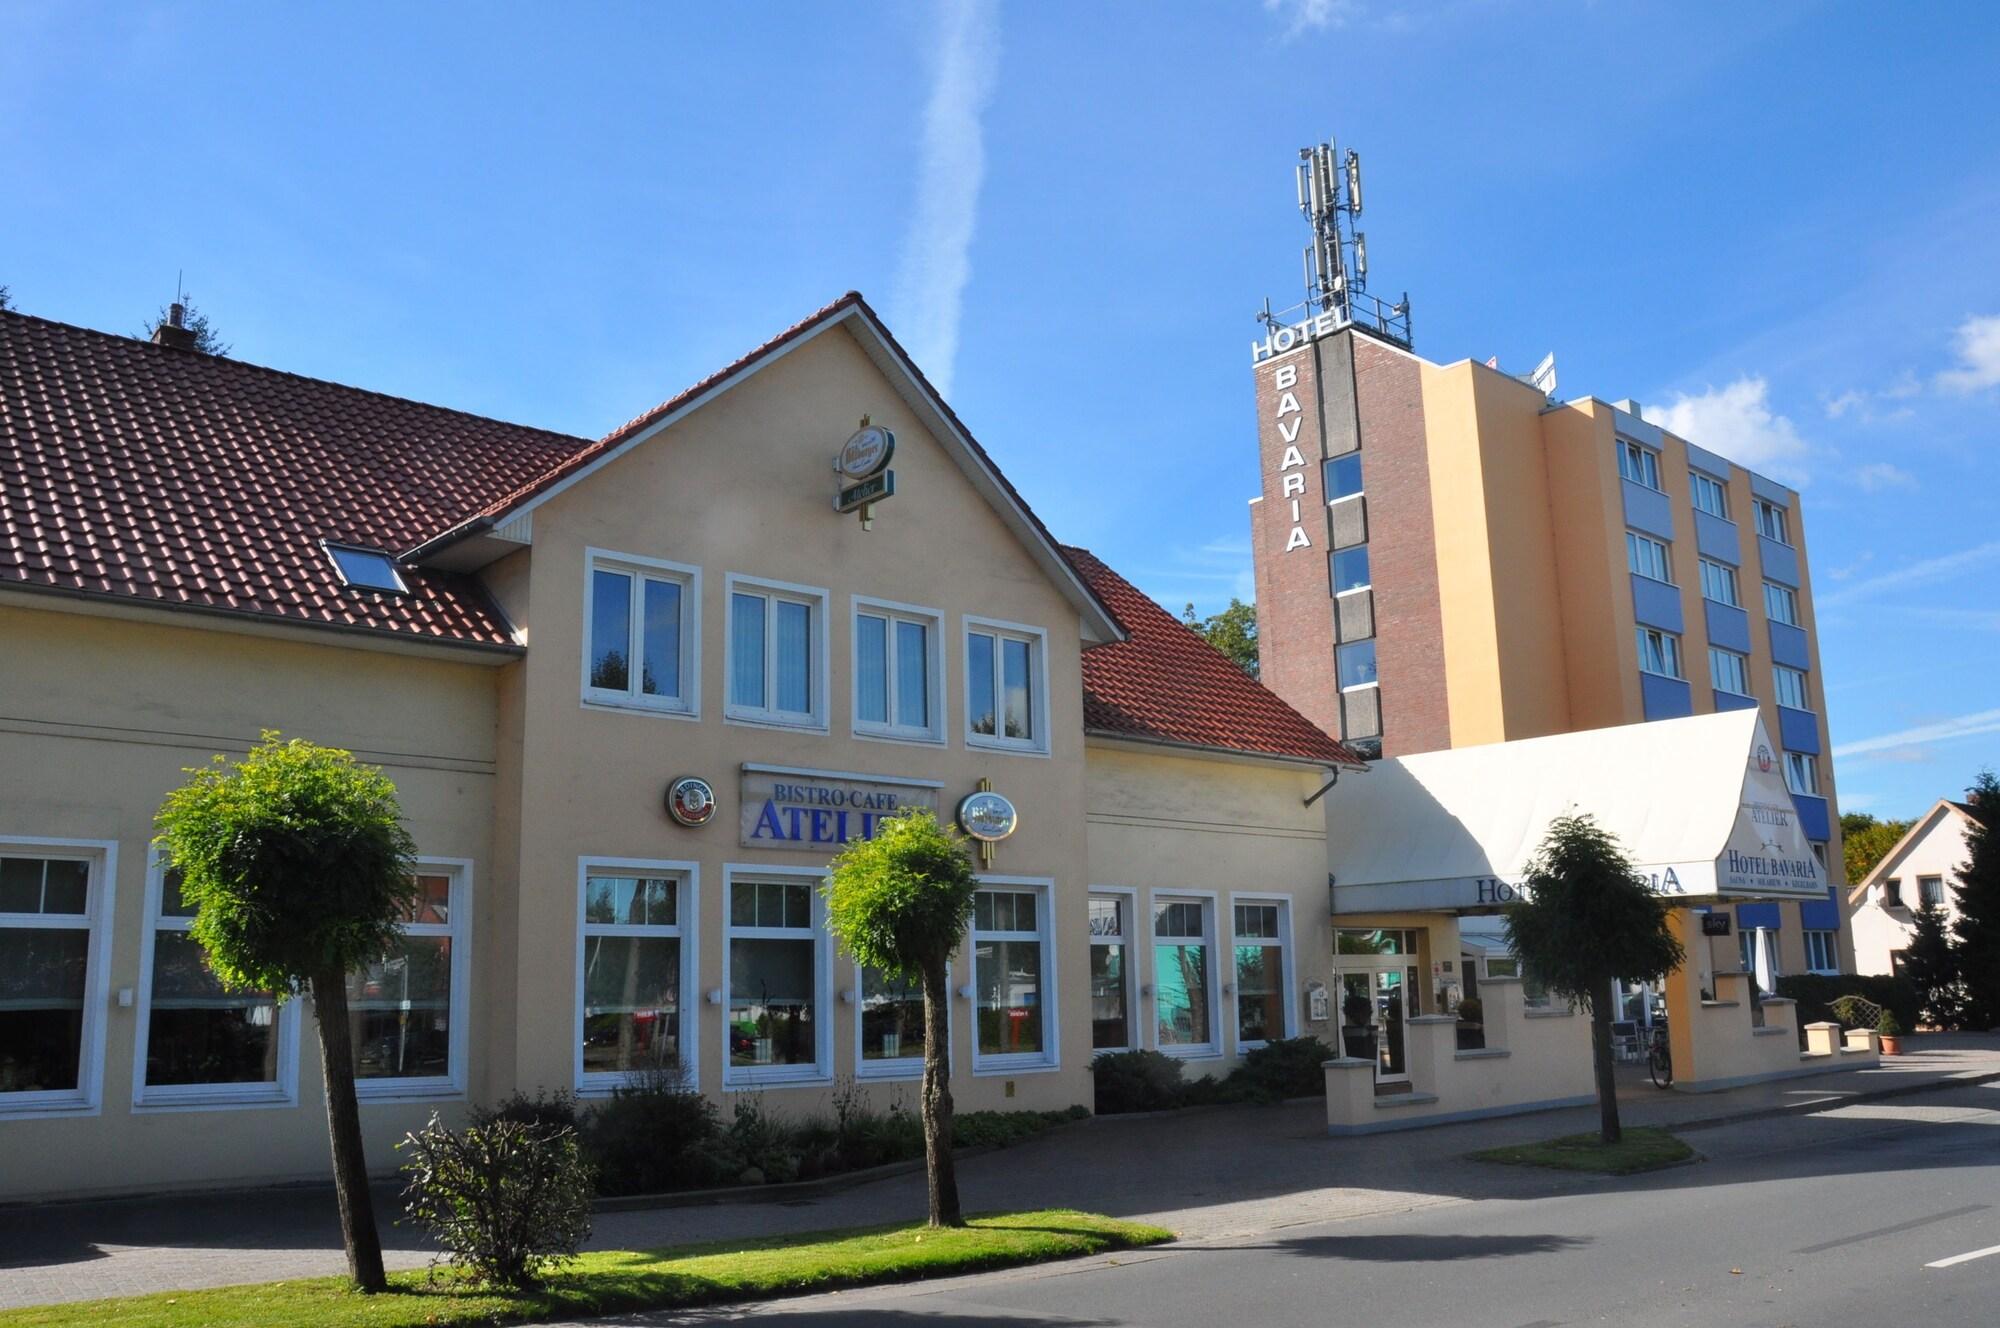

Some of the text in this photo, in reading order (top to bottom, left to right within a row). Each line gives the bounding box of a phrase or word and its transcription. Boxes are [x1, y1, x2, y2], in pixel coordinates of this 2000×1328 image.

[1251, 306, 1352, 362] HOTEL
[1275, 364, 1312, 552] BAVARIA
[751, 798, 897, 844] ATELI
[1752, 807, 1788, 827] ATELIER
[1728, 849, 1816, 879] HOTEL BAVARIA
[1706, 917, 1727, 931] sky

TASK OBJECTIVE: What's needed is an exact copy of every entry, free of pictures.

RESPONSE AREA:
Some of the text in this photo, in reading order (top to bottom, left to right within a row). Each line gives the bounding box of a phrase or word and its transcription. Boxes are [x1, y1, x2, y2], in pixel coordinates of this 2000×1328 image.

[1251, 306, 1352, 362] HOTEL
[1275, 364, 1312, 552] BAVARIA
[751, 798, 897, 844] ATELI
[1752, 807, 1788, 827] ATELIER
[1728, 849, 1816, 879] HOTEL BAVARIA
[1706, 917, 1727, 931] sky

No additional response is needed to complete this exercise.